Now granted, if G used this formula for every ranking they would get into a world of trouble, but if they used it selectively, where as certain factors may kick in LSI to different degrees, it might be an explanation as to why some sites seemingly do well with keyword stuffed pages & others rank #1 for a page practically vacant of that KW.
A main part of an informative site is a huge list in alphabetical order. For the convenience of visitors it is split up into three html files (A to L, etc). Now a SEO problem is my need to incorporate a few different, constant keywords in a table header, plus the different spellings for a major keyword.
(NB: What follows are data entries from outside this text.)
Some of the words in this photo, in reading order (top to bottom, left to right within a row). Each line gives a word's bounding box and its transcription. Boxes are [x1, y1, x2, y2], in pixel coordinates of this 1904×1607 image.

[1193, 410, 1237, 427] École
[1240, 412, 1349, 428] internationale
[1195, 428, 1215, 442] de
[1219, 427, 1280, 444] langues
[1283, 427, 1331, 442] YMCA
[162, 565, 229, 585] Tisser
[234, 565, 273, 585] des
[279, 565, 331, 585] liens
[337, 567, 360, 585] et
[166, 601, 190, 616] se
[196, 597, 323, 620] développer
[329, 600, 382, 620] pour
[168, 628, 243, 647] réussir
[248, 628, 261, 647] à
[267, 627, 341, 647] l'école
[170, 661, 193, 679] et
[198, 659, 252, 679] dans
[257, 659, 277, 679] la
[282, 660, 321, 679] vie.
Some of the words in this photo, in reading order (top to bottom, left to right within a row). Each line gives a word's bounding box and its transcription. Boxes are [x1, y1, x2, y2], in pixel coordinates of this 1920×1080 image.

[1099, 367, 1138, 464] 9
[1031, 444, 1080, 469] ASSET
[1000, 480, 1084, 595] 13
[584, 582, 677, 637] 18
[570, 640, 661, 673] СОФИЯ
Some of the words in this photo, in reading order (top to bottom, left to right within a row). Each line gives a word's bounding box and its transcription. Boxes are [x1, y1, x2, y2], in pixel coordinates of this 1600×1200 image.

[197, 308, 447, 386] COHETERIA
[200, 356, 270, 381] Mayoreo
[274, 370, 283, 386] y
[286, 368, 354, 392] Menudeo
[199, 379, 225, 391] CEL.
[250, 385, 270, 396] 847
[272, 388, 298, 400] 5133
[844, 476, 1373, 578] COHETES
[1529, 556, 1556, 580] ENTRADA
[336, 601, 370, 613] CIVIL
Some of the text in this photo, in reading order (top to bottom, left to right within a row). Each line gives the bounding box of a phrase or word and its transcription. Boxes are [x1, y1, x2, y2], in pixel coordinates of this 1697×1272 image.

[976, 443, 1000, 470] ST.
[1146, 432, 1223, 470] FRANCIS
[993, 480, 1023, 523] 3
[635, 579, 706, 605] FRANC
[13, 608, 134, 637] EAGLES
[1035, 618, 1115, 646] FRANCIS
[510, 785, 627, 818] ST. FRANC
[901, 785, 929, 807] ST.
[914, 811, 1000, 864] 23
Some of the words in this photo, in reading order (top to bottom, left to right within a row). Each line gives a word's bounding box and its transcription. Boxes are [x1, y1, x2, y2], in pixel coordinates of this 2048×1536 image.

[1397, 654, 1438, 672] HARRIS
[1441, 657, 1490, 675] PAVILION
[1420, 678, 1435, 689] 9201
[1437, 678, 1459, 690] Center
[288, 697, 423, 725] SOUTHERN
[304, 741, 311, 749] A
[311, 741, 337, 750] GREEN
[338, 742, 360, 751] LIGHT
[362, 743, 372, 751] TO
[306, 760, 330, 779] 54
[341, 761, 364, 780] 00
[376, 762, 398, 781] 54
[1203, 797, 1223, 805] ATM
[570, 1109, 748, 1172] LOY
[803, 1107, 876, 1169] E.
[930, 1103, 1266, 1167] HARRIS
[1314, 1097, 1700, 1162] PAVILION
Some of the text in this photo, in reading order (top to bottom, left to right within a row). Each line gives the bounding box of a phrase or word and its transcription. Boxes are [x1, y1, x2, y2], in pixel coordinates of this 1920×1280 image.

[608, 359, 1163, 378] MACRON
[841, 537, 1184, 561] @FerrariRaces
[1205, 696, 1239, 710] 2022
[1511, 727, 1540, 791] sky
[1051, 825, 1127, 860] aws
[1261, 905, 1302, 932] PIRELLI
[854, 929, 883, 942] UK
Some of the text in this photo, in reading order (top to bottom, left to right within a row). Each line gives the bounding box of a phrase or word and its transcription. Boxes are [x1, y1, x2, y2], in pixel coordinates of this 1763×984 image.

I hope Google would, in multiword searches, combine some selected keywords with the contents of any of my lists. The intention is not to get all three pages listed separately in the same SERP.
Can I try to solve the above problem by using different Meta Title Elements for each of these three files? Maybe even use synonyms for keywords there? Or is this something my site is likely to get penalized for by Google?
I could also have small variations in the text of the h1 or h2 headlines of three pages, as seen in the browser window, but that may be going too far, because normally such headlines of a split list would be identical.
I think google wants to see slow link developement and denisty's in the 10-15% range. Too many links and too much density is most likely triggering flags right now.
The funny thing is, if you have other keywords that are ranking well, those don't seem to be effected by the OOPs you might receive for ROS links on specific phrases. WIth that said, it seems you can over-optimize for one word, get a penalty, but any other words you are optimizing for might not be effected.
As to whether or not it exists, I don't know if anyone has given proof. But I am a believer in it. I lean more towards the idea of going too far with your main keyword for a page (too much identical anchor text, words in title, h1 tags, high KWD density, etc - all for a specific keyword).
Just putting the keywords in title, h1 tags, etc. is standard for web design, so it is very unlikely that including it in each of those areas would ever have a negative affect.
Do things in moderation and try to mimic what is natural on the web.